Tatlıya gelirsek seçimimiz: Pişmaniyeli Armut Tatlısı


Siparişi verdikten sonra her ne kadar ağır olacağından şüphelensek de hayatımızda yediğimiz en hafif tatlılardan biriydi. Pişmiş armut ne yumuşamış durumda ne de çiğ. Aslında tam olması gerektiği gibi. Üzerindeki sos ilk bakışta korkutucu olsa da sadece azcık tat ve bolca görsellik için var. Pişmaniye ise o konuda bir yorum yapamıyoruz biz çok beğendik. Sunumu görünce acaba bozmasak da eve götürsek mi diye düşündük. 4*Çok küçük bir alana sahip olan Dem de servis hızı normal sayılabilecek bir seviyede. Ama az masası olmasından dolayı oturmak için gelip bekleyen veya oturamadan giden çok insan oluyor.
Enerjimizi toplayarak sokaklarda tekrar kaybolmaya başladık. Daha önceden haberimiz olduğu üzere Souq Bazaar’a doğru yöneldik.

Bir sokak arasında bulunan depodan hallice bir yerin önünde durduk. İçerisi adeta dışarı taşmış durumdaydı. Karaköy'ün yeni tasarım seven kesimi tamamen orada gibiydi. #eleledergisi‘nin tanımına göre : özenle seçilmiş ürünleri, keşfedilmesi gereken tasarımları ve zanaatkarları bir araya getiren bir organizasyon.
İçeriye girince etrafın karanlık olması konsept gereği midir bilemiyoruz ama ürünleri incelemek adeta işkence olmaya başlamıştı. Ayrıca içeride Türkçeden çok İngilizce konuşulması oldukça enteresandı.

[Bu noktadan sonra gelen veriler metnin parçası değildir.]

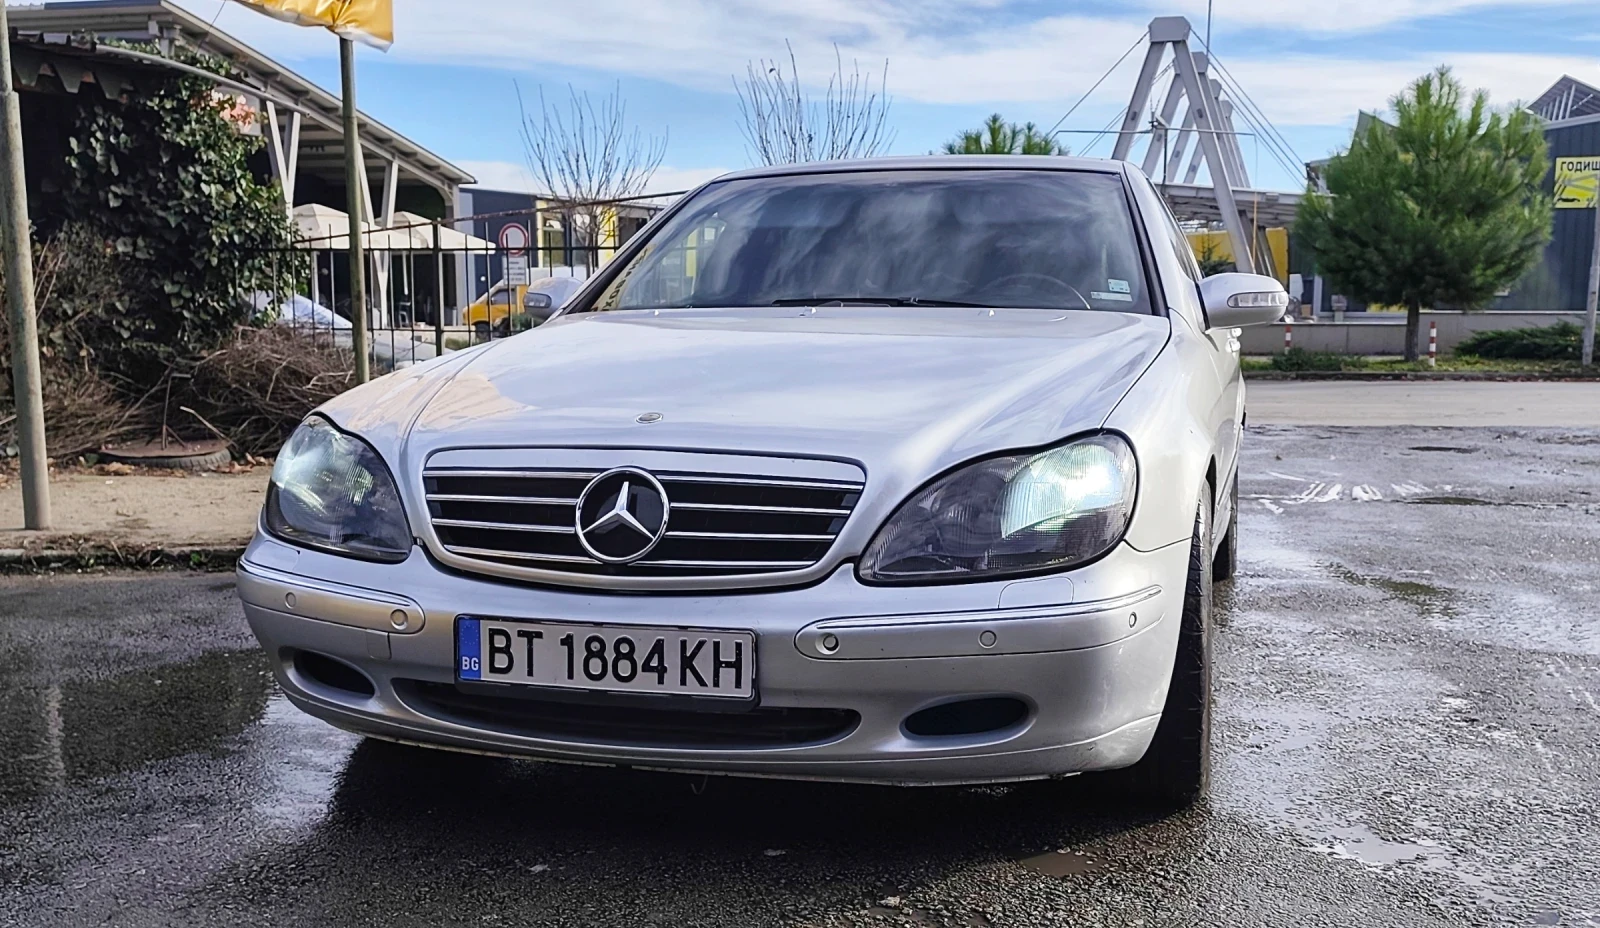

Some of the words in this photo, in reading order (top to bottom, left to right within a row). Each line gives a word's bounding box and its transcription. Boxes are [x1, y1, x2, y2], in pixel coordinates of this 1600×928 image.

Her seferinde konsept değiştiren Souq Bazaar‘ın Mesken Etkinliğine denk geldik.
Her seferinde konsept ve tarih değiştiren Souq’a gitmeden önce mutlaka internetten tarih ve konsept kontrolü yapmak gerekiyor.



İçerinin  karanlığı bir süre sonra basmaya başlayınca dışarıya attık kendimizi ve içerde geçen zamanın 2 katı kadarını dışarıda #kağıtçocuk'un retro afişleriyle geçirdik. Ve dayanamadık kreasyona birkaç tane daha ekledik.








Adeta Vogue sayfalarında fırlamış tarzda şık insanların arasında sıyrılıp aldığımız yeni afişlerle Karaköy de kaybolmaya devam ettik.

Herkesin bir gününü ayırması gereken bir yer Karaköy.


Bakalım biz önümüzdeki günlerde daha neler keşfedeceğiz.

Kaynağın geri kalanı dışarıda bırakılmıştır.